If there’s one aspect that will be a concern for people living with HIV, it’s the rather long list of drugs with which etravirine can interact. “The drug does have a number of interactions with other drugs, antiretroviral drugs and non-antiretroviral drugs,” says Kuritzkes, “So if adding etravirine to a regimen, it would be important that a patient’s clinician was aware of those interactions, or had looked carefully through a list of the medications that a patient might be on to make sure that there won’t be any significant interactions that could compromise treatment with one of the other agents. The most important example in the HIV category is an interaction with Aptivus (tipranavir); those two drugs can’t be given together because of the interaction.”

If the FDA does approve the drug, the prescribing information will likely include instructions about the drugs that can’t be used with etravirine or where a dose adjustment will be necessary. When asked whether these instructions will cover most of the drugs used by people living with HIV, Kuritzkes says, “I believe that [Tibotec has] done drug–drug interaction studies, though I don’t have a list at my finger tips, with the major kinds of drugs that people would be concerned about, such as oral contraceptives, rifampin, which is an oral TB drug, and methadone.”

A Care Revolution for Treatment-Experienced Patients?

As potent and safe as etravirine may be, the timing of its approval may turn out to be its most significant selling point.
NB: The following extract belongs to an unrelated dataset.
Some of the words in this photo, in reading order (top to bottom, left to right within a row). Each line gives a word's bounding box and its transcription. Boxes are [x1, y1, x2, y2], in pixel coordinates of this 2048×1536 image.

Its arrival comes on the heels of a newly revised set of federal HIV treatment guidelines, which carry a substantially different approach to antiretroviral therapy in people who are heavily treatment-experienced.
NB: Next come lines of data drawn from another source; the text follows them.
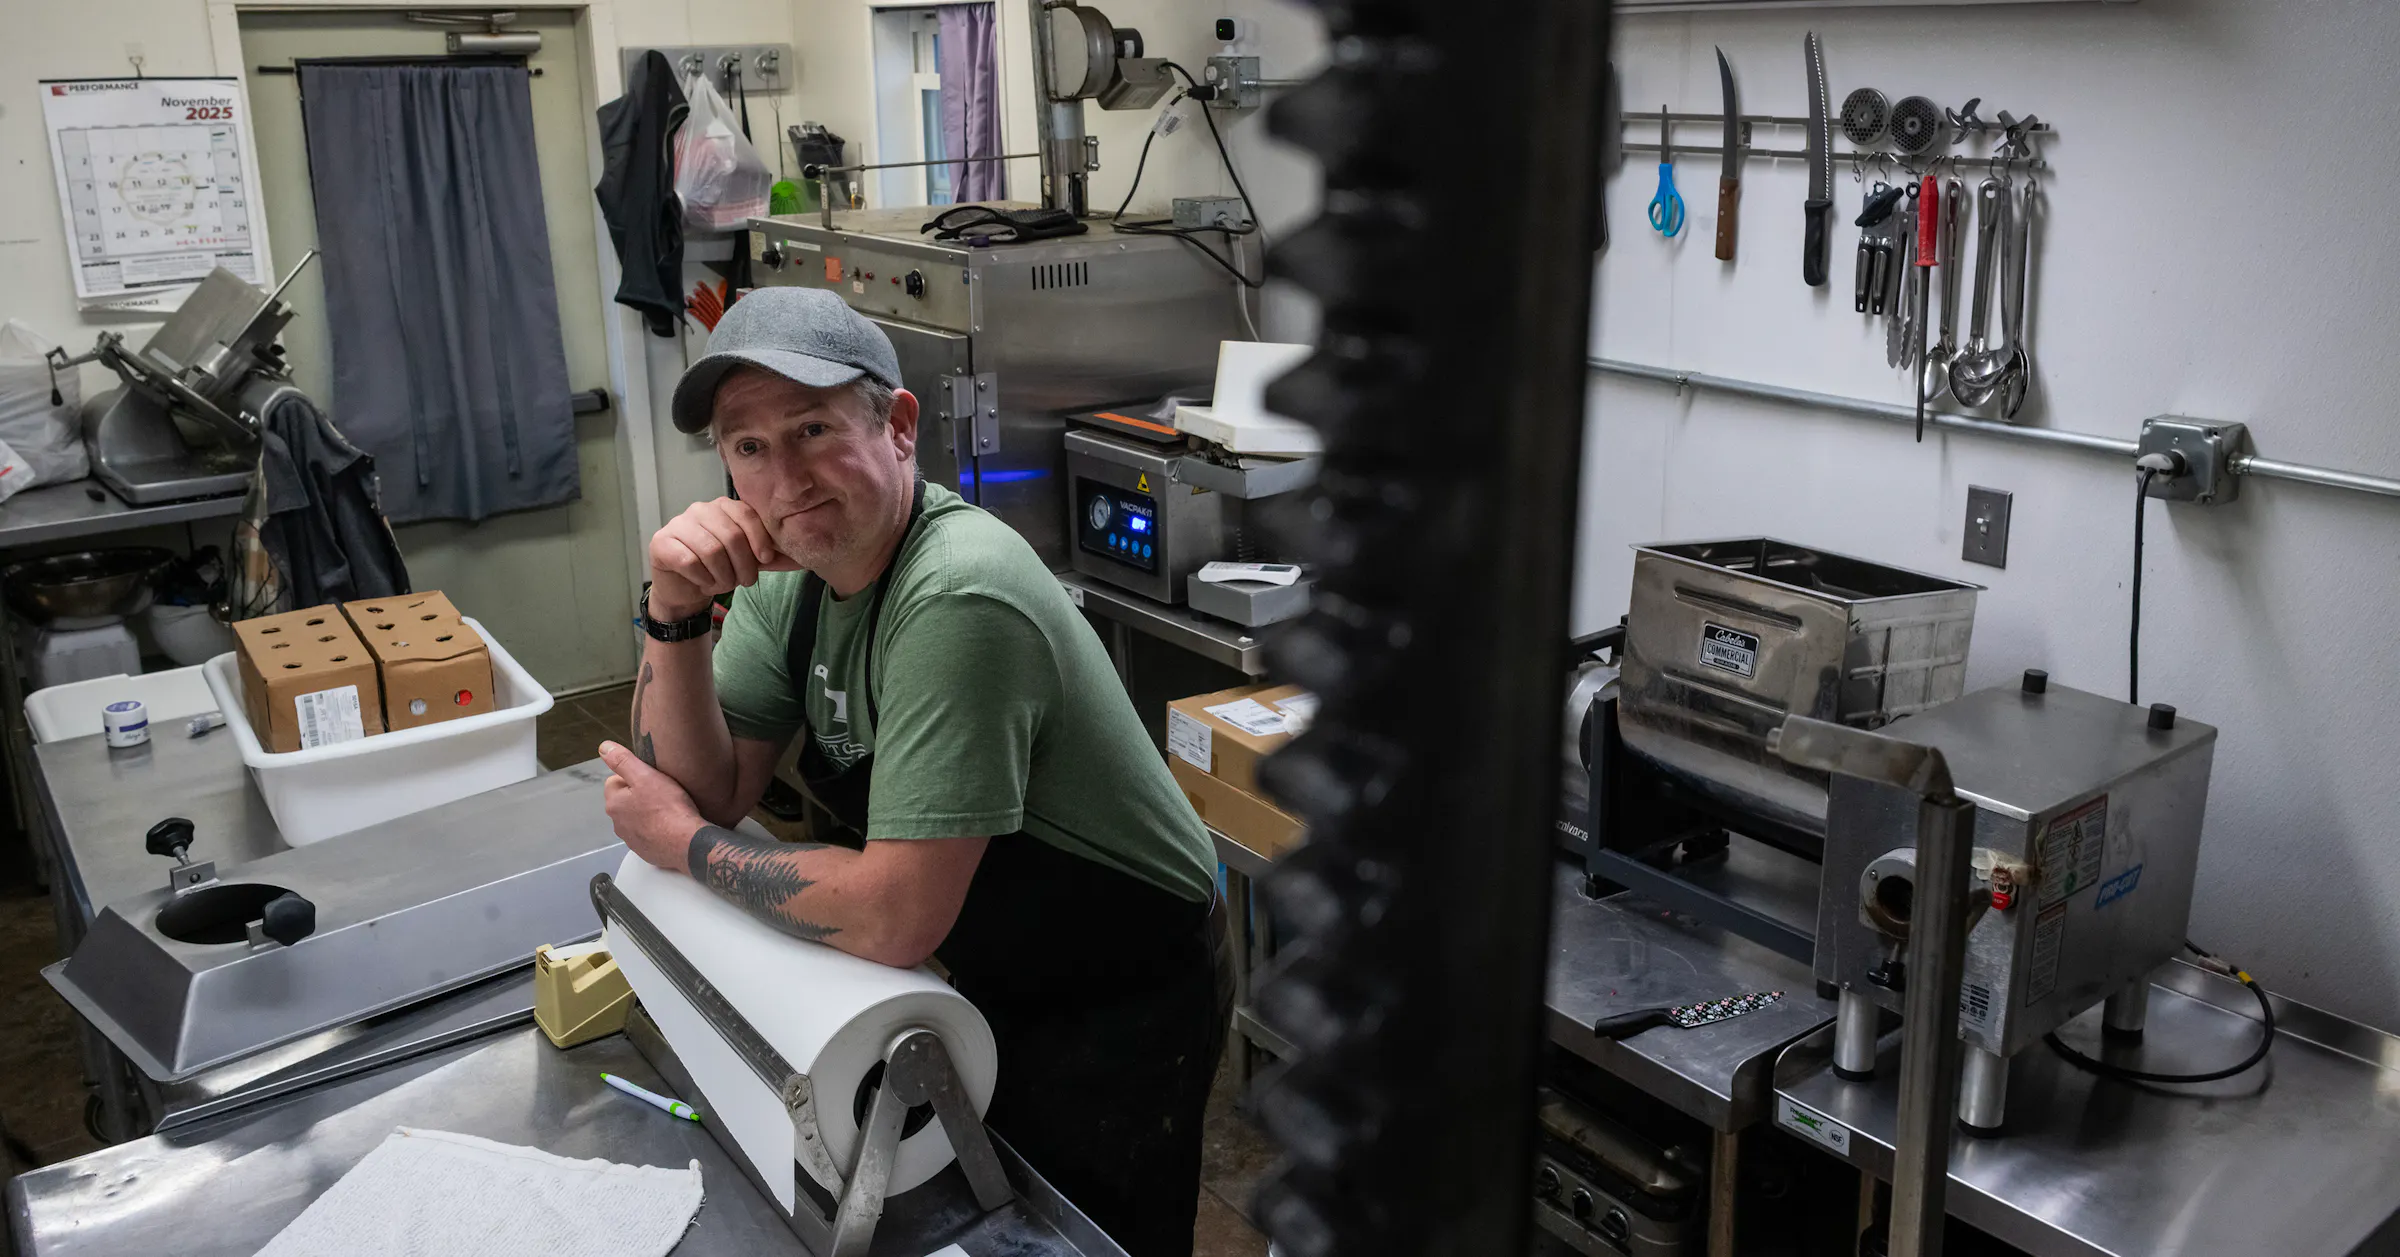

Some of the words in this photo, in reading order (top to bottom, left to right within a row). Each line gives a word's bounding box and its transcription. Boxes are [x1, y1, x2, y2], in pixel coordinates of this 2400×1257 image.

[69, 82, 139, 92] PERFORMANCE
[161, 97, 232, 107] November
[185, 107, 233, 120] 2025
[108, 181, 118, 189] 10
[132, 180, 142, 188] 11
[157, 179, 167, 187] 12
[230, 176, 240, 184] 15
[86, 208, 96, 216] 16
[160, 203, 171, 211] 19
[184, 202, 194, 210] 20
[208, 201, 218, 209] 21
[233, 200, 243, 208] 22
[116, 231, 126, 239] 24
[212, 225, 222, 233] 28
[236, 224, 247, 232] 29
[1706, 643, 1749, 665] COMMERCIAL
[1831, 1132, 1843, 1144] NSF
Whereas older versions of the guidelines encouraged physicians to use at least one other active drug and to strive for significant viral load reductions, the new guidelines urge doctors to accept nothing less now than an undetectable viral load and good CD4 gains, using combinations of newly approved agents, no matter how treatment-experienced their patients may be.
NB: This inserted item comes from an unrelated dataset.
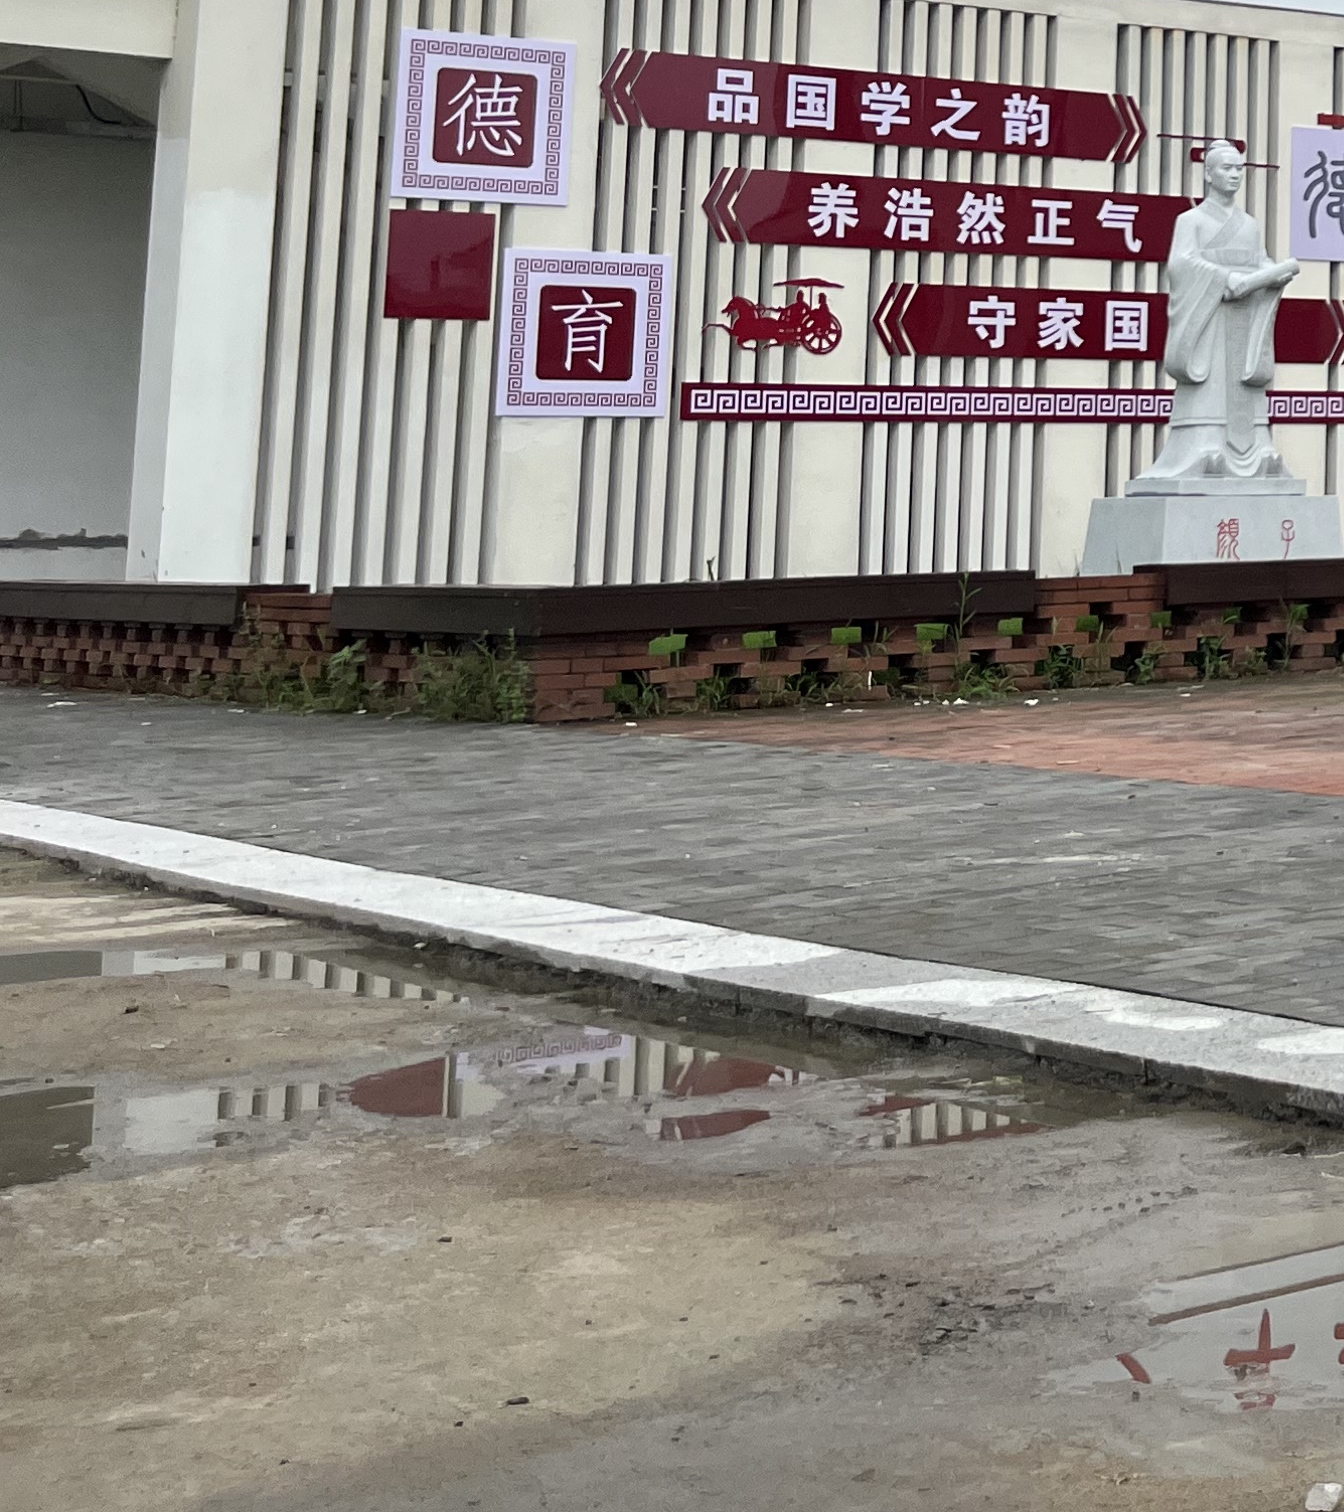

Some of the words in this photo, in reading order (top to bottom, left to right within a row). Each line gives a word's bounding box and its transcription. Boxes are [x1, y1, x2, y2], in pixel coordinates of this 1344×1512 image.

[441, 70, 525, 159] 德
[706, 66, 1053, 150] 品国学之韵
[806, 180, 1143, 253] 养浩然正气
[550, 289, 625, 374] 育
The change in the guidelines occurred not because doctors didn’t know how to best use antiretrovirals in the past, but because there were so few options for treatment-experienced patients. “If you think back over what’s happened over the last seven or eight years, when we had the introduction of Kaletra, the first of the salvage drugs, people were adding Kaletra to a regimen or substituting Kaletra with another failing protease inhibitor, very often in a situation when there was no other drug to use along with Kaletra,” says Kuritzkes. “Then when Fuzeon (enfuvirtide) was developed it was much the same story.”

With the series of new drugs for treatment-experienced patients, including the approvals of Pfizer’s Selzentry (maraviroc) in August and Merck’s Isentress (raltegravir) in October, it is now possible to do far better. The two DUET studies demonstrate this well. In those studies, people who had two or more active drugs in their background regimen faired particularly well, and had success rates approaching what is seen in studies of drugs in people who’ve never taken antiretrovirals before.

Kuritzkes concurs, saying, “Over the last year and a half or so, the most common advice that I was giving…was to hold off until there were enough drugs that could be combined for that particular patient to fully suppress the virus, rather than adding one drug at a time as it became available.”

This means that there is a whole new paradigm for people who’ve been struggling for years with detectable virus and single- or double-digit CD4 cell numbers.  And that is certainly reason for renewed hope.

When asked if he thought that the roster of new drugs will mean a lot more people will render their viral loads undetectable, Taylor says, “Absolutely, if people have been savvy enough to hold off and not construct regimens with incomplete efficacy that they’re in a position to really benefit from all of these drugs that have just been approved. I think we’re going to see a lot fewer salvage patients in really dire straights.”

Kuritzkes concludes by saying, “Just as with initial therapy where we use three drugs to fully suppress the virus, we now have the opportunity to take exactly the same approach with heavily treated patients. And that’s really unique in the history of HIV drug development.”